That's 108 out of 110 gp spent, with 2 gold pieces left in petty cash. Morgan started out with an average amount of gold and got a pretty sweet array of equipment. The only glaring omission is a backpack. Which would you rather have if confronted by a wight, a silver arrow or camping equipment?

Anyway, here's a breakdown of how much Morgan would spend under other editions of D&D, with notes on her starting cash situation.

OD&D: Same starting money, but Morgan can afford that backpack now, because her gear costs 105gp.

Holmes Basic: Identical to OD&D

Mentzer Basic: Large sacks are 1 gp cheaper, so Morgan only spends 107gp. Same starting money.

Rules Compendium: Arrows cost 1gp more, so Morgan spends 109gp. Same starting money.

So far not much excitement in this analysis. But let's look at the AD&D line of descent now.

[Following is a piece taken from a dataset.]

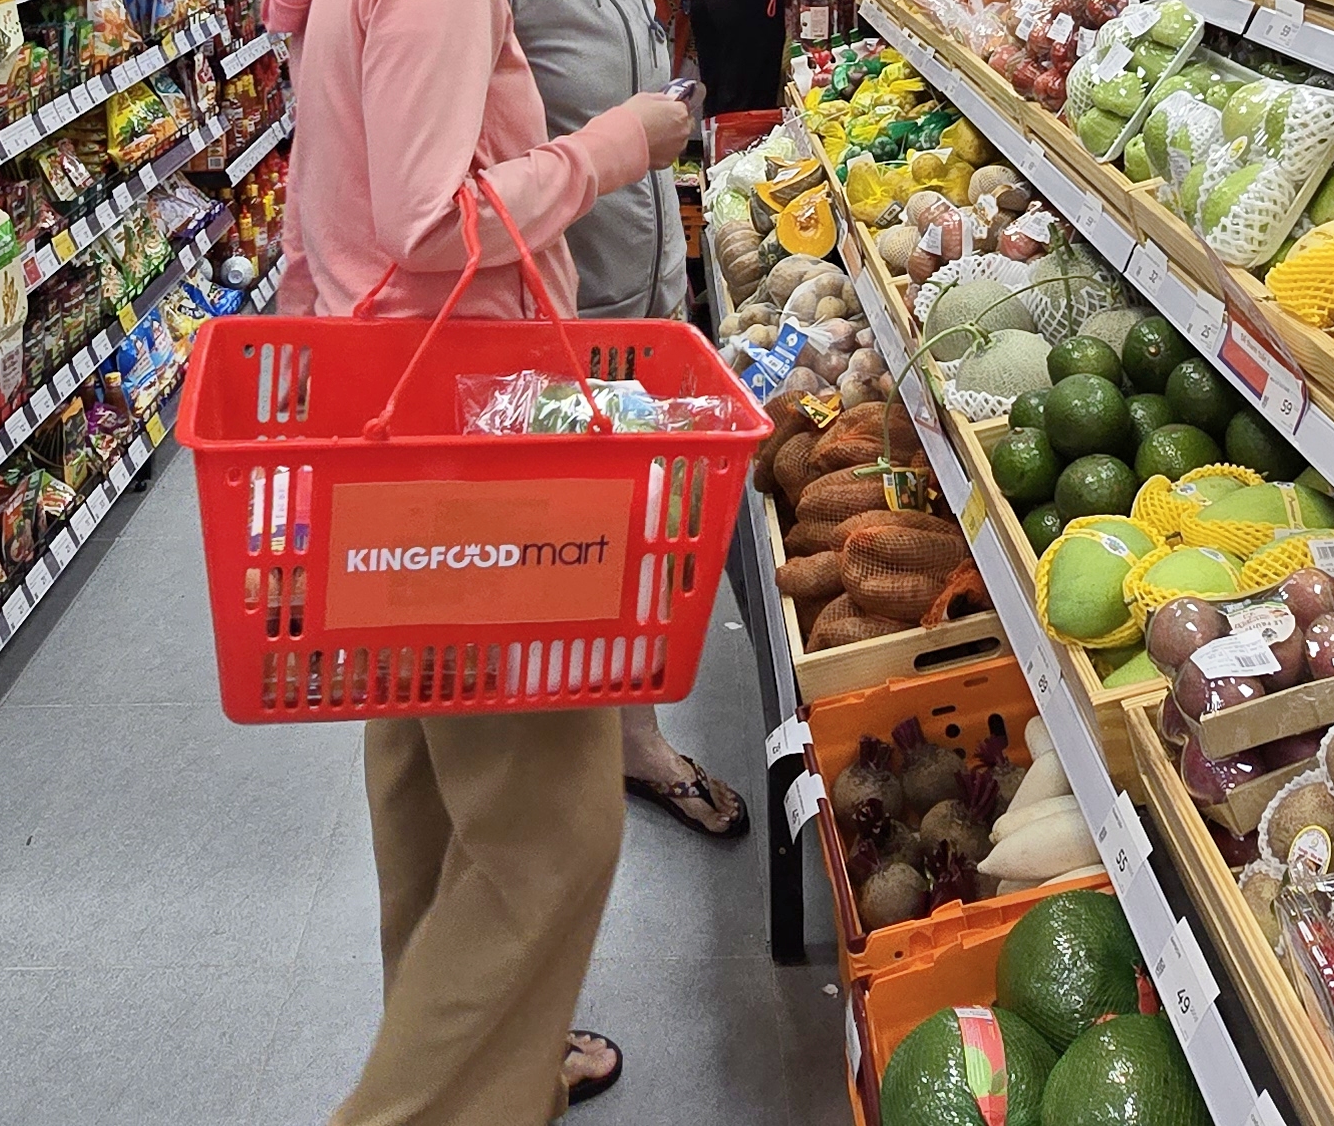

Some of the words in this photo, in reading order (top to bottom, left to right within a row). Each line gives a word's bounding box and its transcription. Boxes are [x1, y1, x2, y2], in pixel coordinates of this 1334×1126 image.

[347, 535, 609, 573] KINGFOODmart
[1115, 848, 1128, 872] 55
[1177, 989, 1190, 1014] 49

AD&D1: Starting gold for fighters is upped to 50-200, which is good, because Morgan's kit now costs 122.835 gp. Chainmail shoots up from 40 to 75 gp, which is only partially offset by several other items going down in price. Several items that previously cost 1 gp are now priced in silver and copper pieces, the biggest price cut being for ten foot poles, which now costs 1 cp.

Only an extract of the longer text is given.